Write out all of the records precisely. Skip anything that is a picture.

BEGIN Records to use

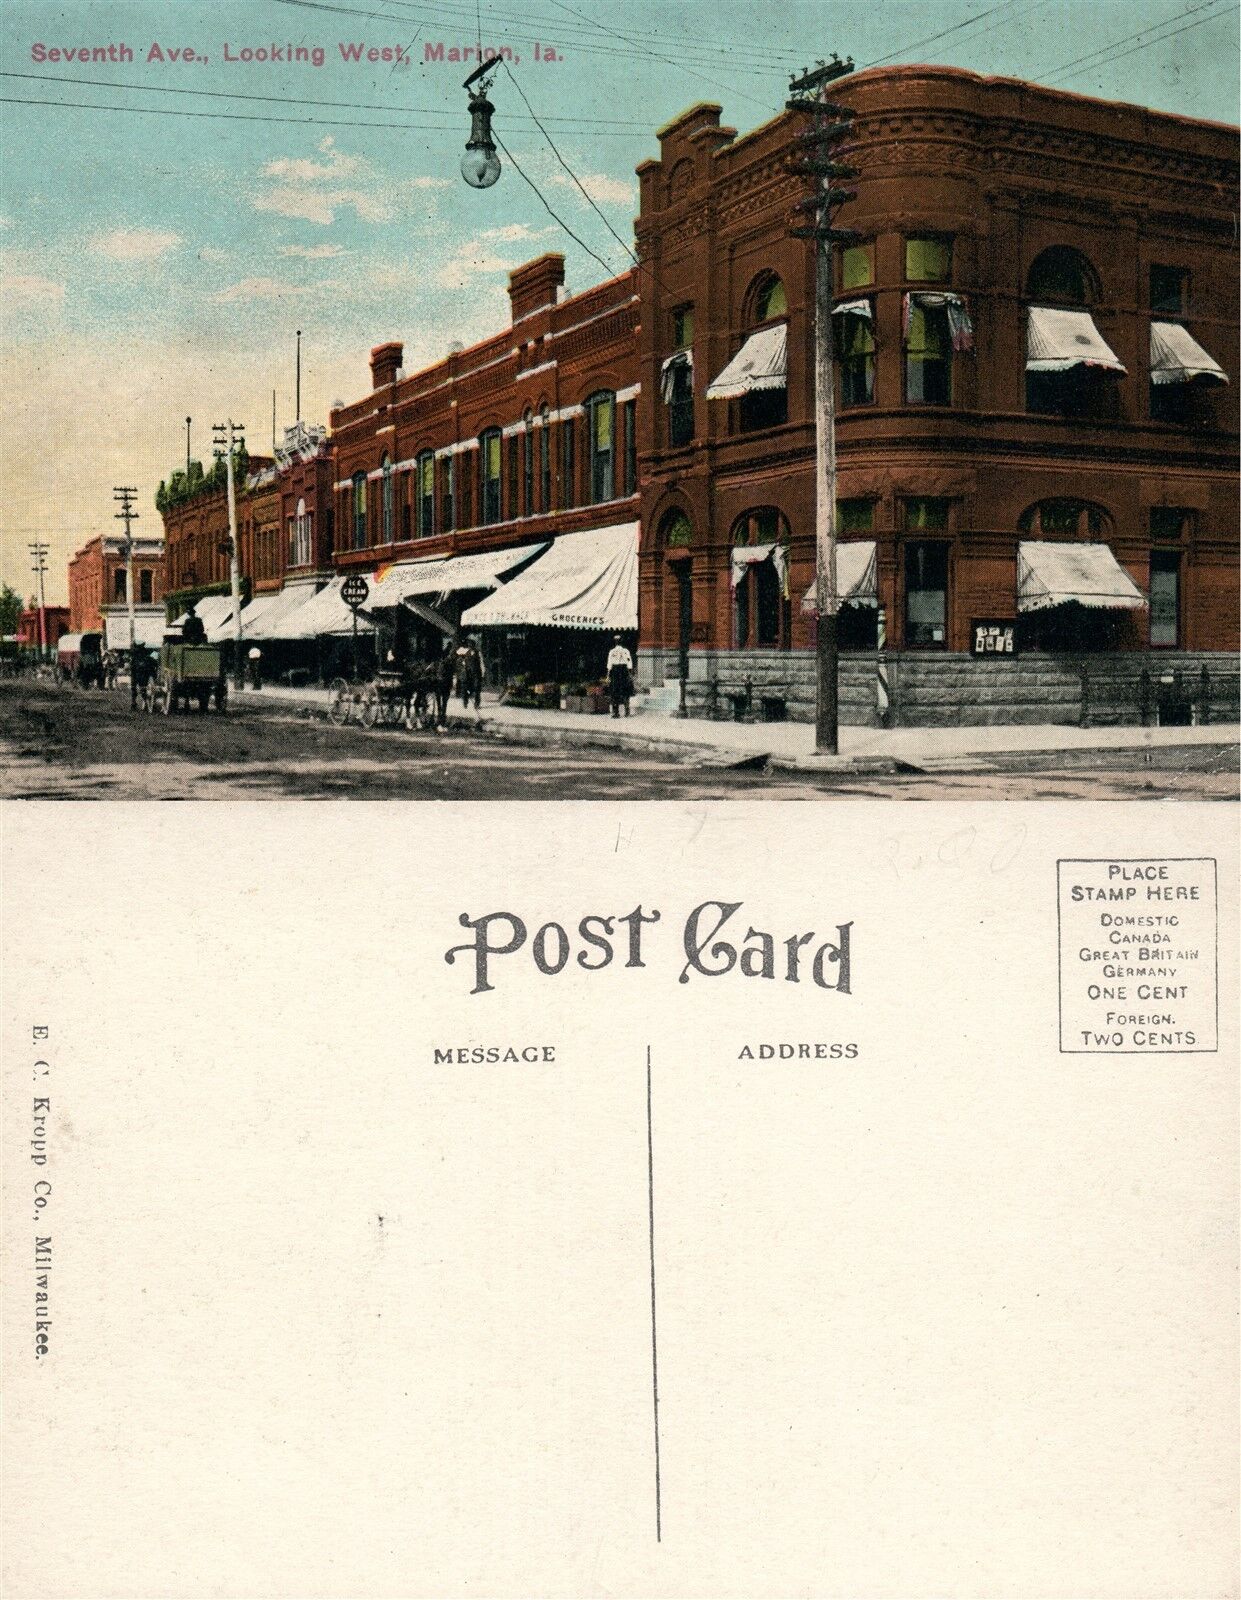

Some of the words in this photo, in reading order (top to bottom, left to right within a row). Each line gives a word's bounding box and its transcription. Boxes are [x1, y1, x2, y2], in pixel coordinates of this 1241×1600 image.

[552, 613, 605, 625] GROCERIES
[1108, 864, 1169, 881] PLACE
[1071, 885, 1137, 902] STAMP
[1147, 886, 1200, 901] HERE
[1100, 912, 1179, 927] DOMESTIC
[1109, 930, 1171, 945] CANADA
[1079, 947, 1130, 962] GREAT
[1138, 947, 1199, 961] BRITAIN
[1103, 964, 1177, 978] GERMANY
[1087, 984, 1127, 1001] ONE
[1137, 984, 1188, 1000] CENT
[1106, 1012, 1176, 1025] FOREIGN.
[32, 1025, 49, 1046] E.
[1081, 1031, 1124, 1047] TWO
[1133, 1030, 1196, 1046] CENTS
[434, 1046, 556, 1065] MESSAGE
[738, 1043, 859, 1060] ADDRESS
[33, 1060, 50, 1082] C.
[30, 1097, 51, 1166] Kropp
[32, 1180, 52, 1222] Co.,
[34, 1236, 53, 1361] Milwaukee.
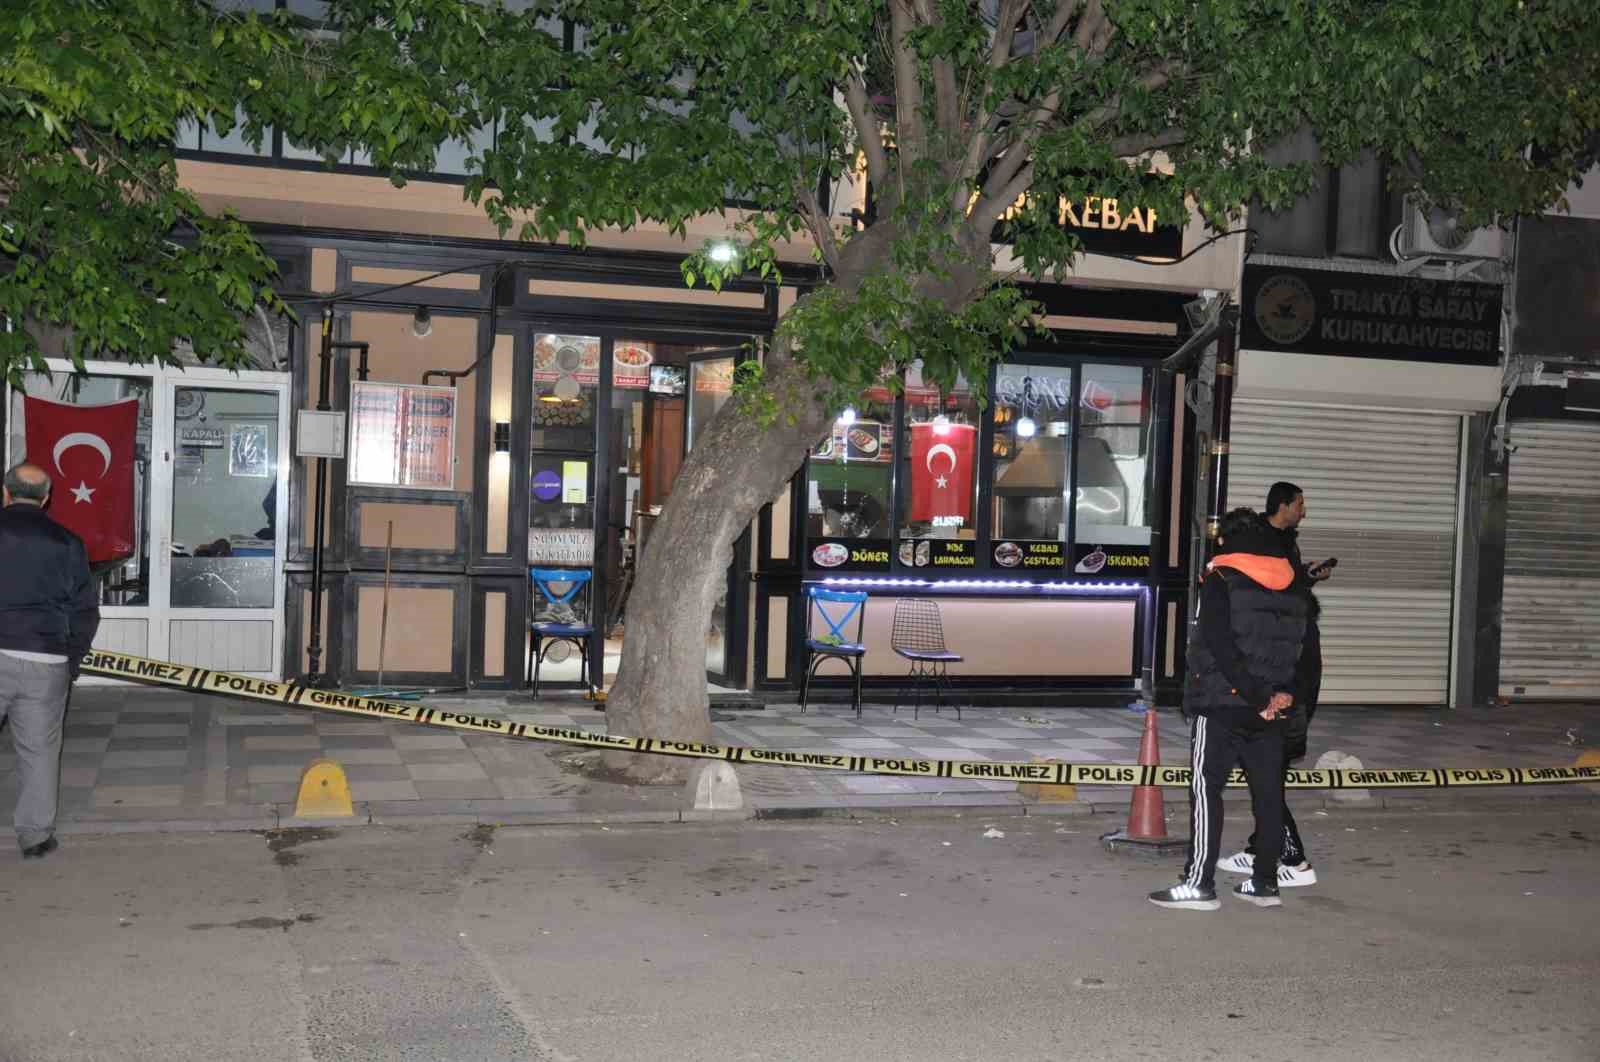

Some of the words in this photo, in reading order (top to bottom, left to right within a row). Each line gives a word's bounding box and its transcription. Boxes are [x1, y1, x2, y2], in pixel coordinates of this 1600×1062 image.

[1329, 288, 1411, 317] TRAKYA
[1418, 297, 1488, 321] SARAY
[852, 549, 889, 563] DÖNER
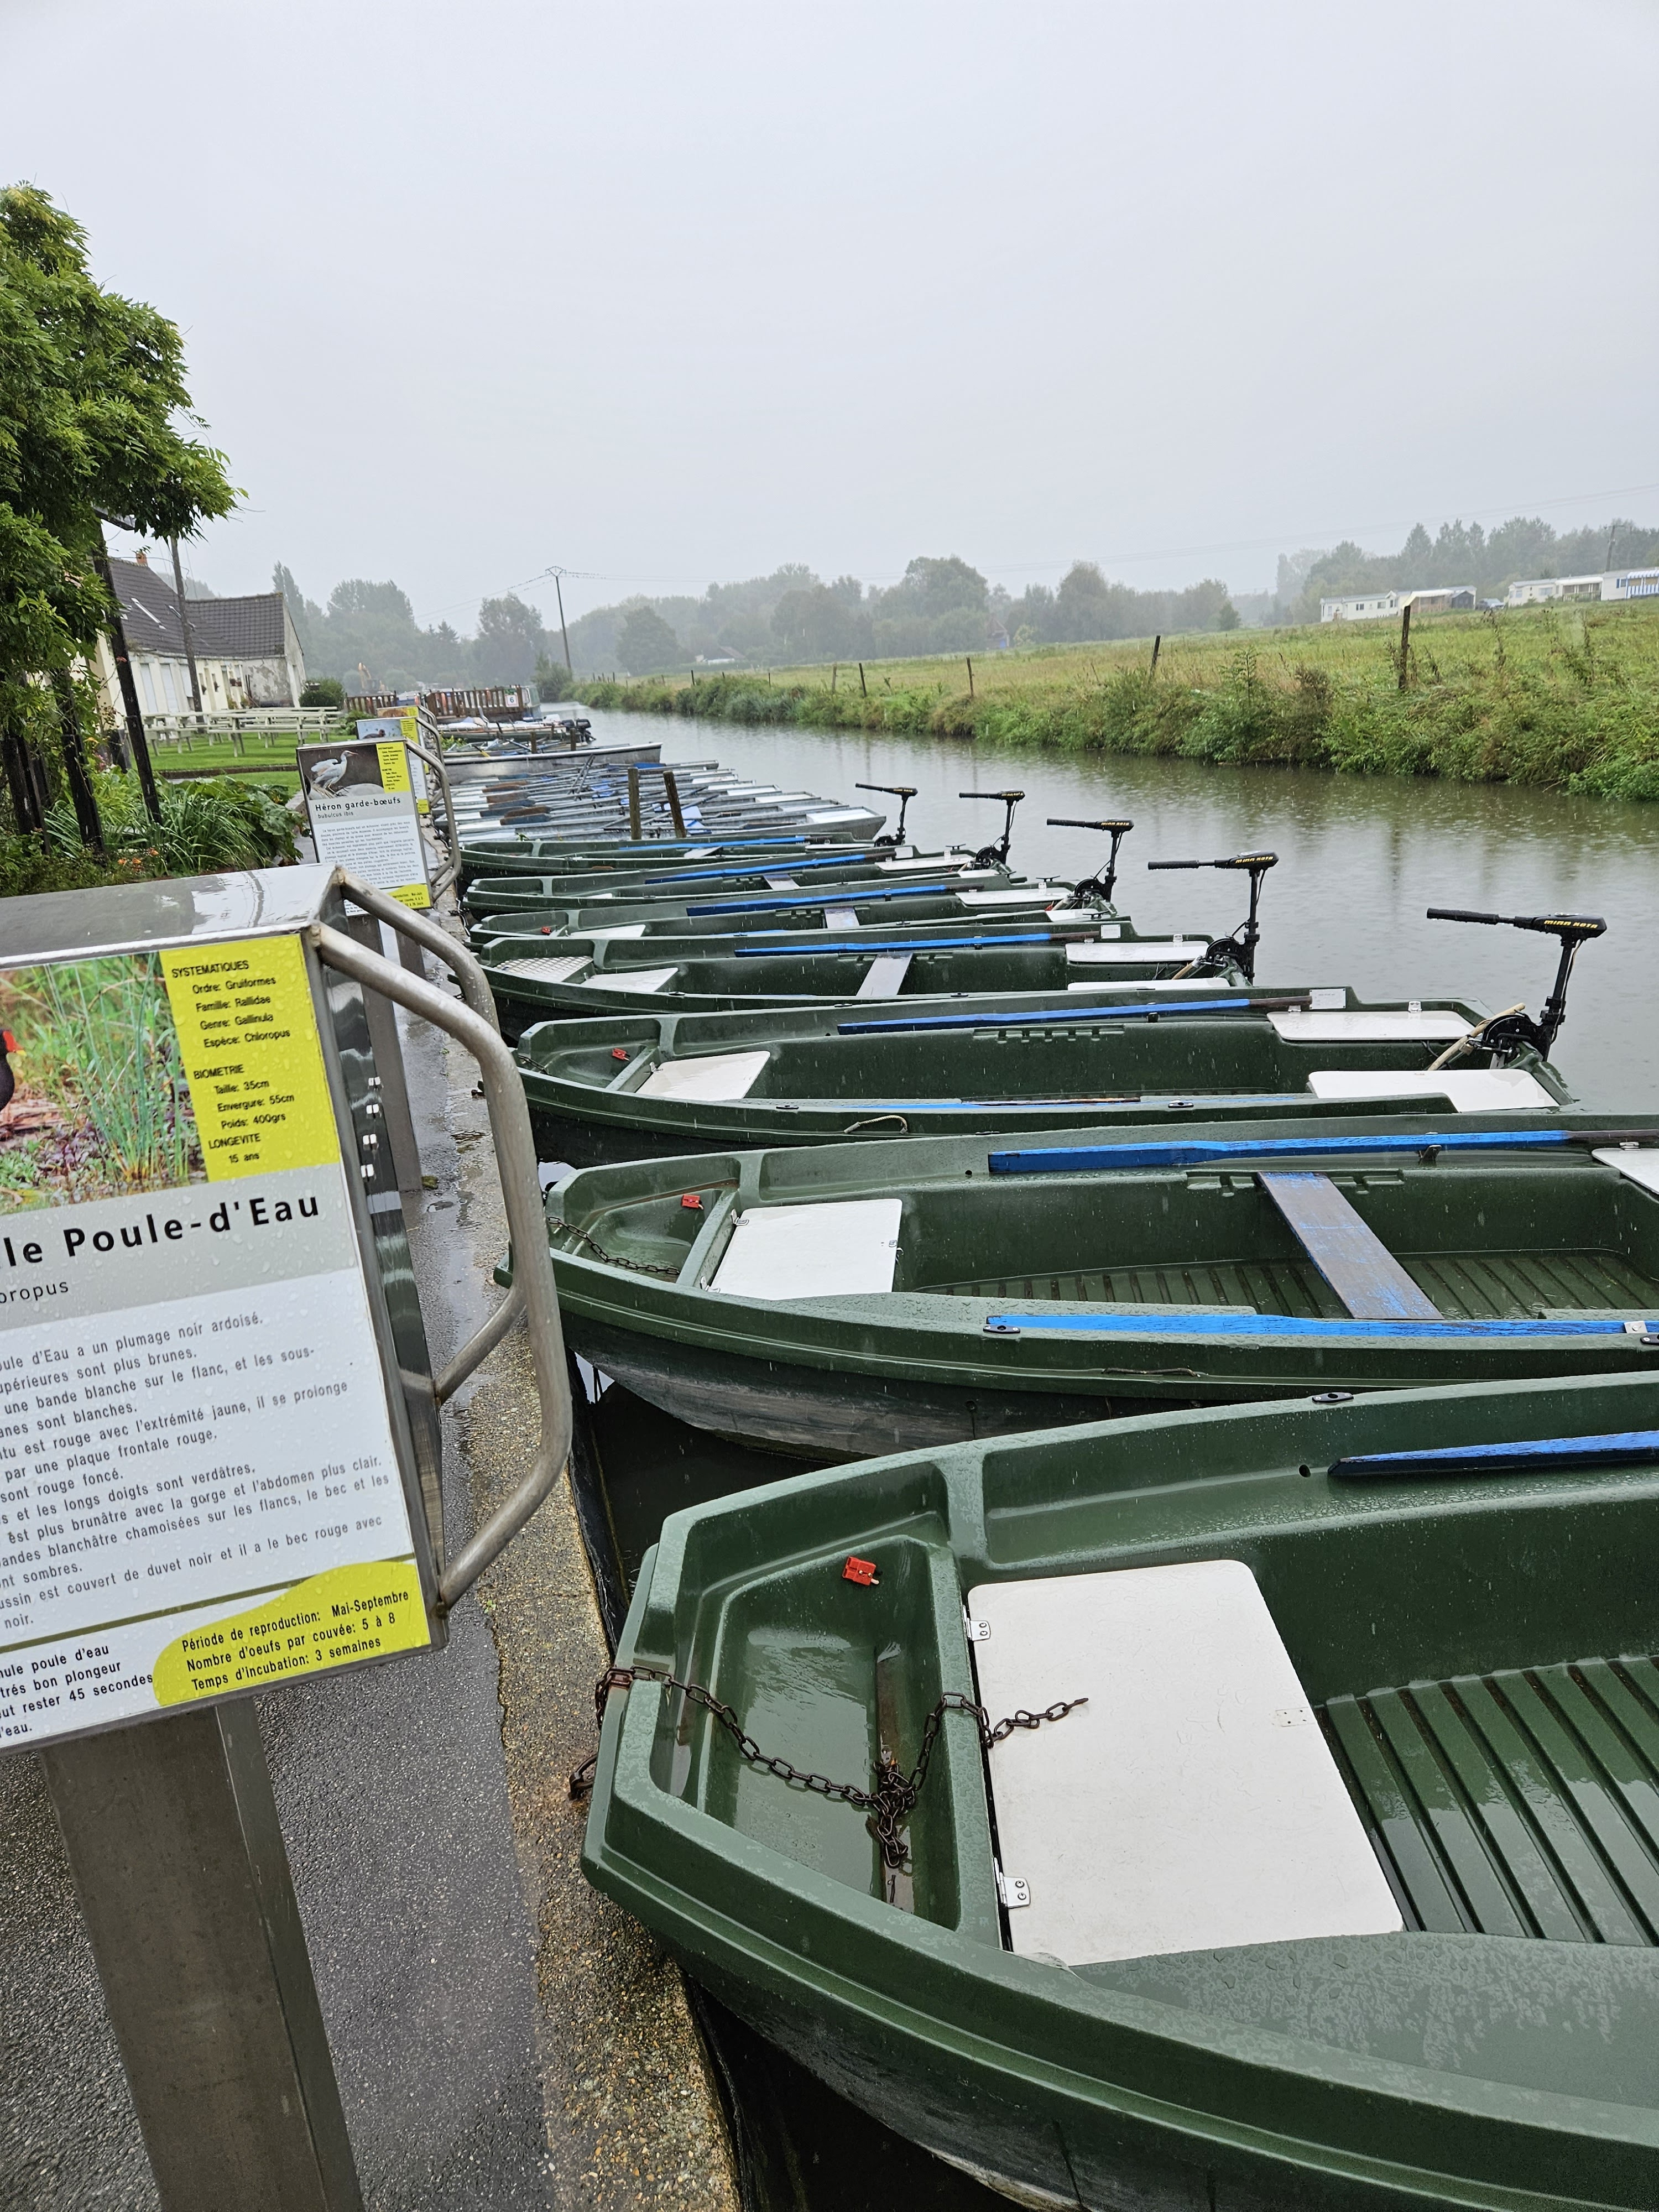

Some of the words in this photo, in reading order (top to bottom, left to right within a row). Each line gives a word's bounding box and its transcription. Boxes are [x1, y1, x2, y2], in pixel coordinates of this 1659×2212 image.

END Records to use

- Expected answer
Some of the words in this photo, in reading order (top to bottom, left to right within a row). Each line gives a word's bounding box and its transcription. Boxes are [x1, y1, x2, y2], in pixel coordinates of this 1241×1600 image.

[552, 613, 605, 625] GROCERIES
[1108, 864, 1169, 881] PLACE
[1071, 885, 1137, 902] STAMP
[1147, 886, 1200, 901] HERE
[1100, 912, 1179, 927] DOMESTIC
[1109, 930, 1171, 945] CANADA
[1079, 947, 1130, 962] GREAT
[1138, 947, 1199, 961] BRITAIN
[1103, 964, 1177, 978] GERMANY
[1087, 984, 1127, 1001] ONE
[1137, 984, 1188, 1000] CENT
[1106, 1012, 1176, 1025] FOREIGN.
[32, 1025, 49, 1046] E.
[1081, 1031, 1124, 1047] TWO
[1133, 1030, 1196, 1046] CENTS
[434, 1046, 556, 1065] MESSAGE
[738, 1043, 859, 1060] ADDRESS
[33, 1060, 50, 1082] C.
[30, 1097, 51, 1166] Kropp
[32, 1180, 52, 1222] Co.,
[34, 1236, 53, 1361] Milwaukee.

Some of the words in this photo, in reading order (top to bottom, left to right within a row). Each line gives a word's bounding box and its transcription. Boxes are [x1, y1, x2, y2], in pixel coordinates of this 1600×1062 image.

[1329, 288, 1411, 317] TRAKYA
[1418, 297, 1488, 321] SARAY
[852, 549, 889, 563] DÖNER

Some of the words in this photo, in reading order (top to bottom, left to right within a row). Each line gives a word's bounding box and its transcription. Boxes are [x1, y1, x2, y2], in pixel coordinates of this 1659×2212 image.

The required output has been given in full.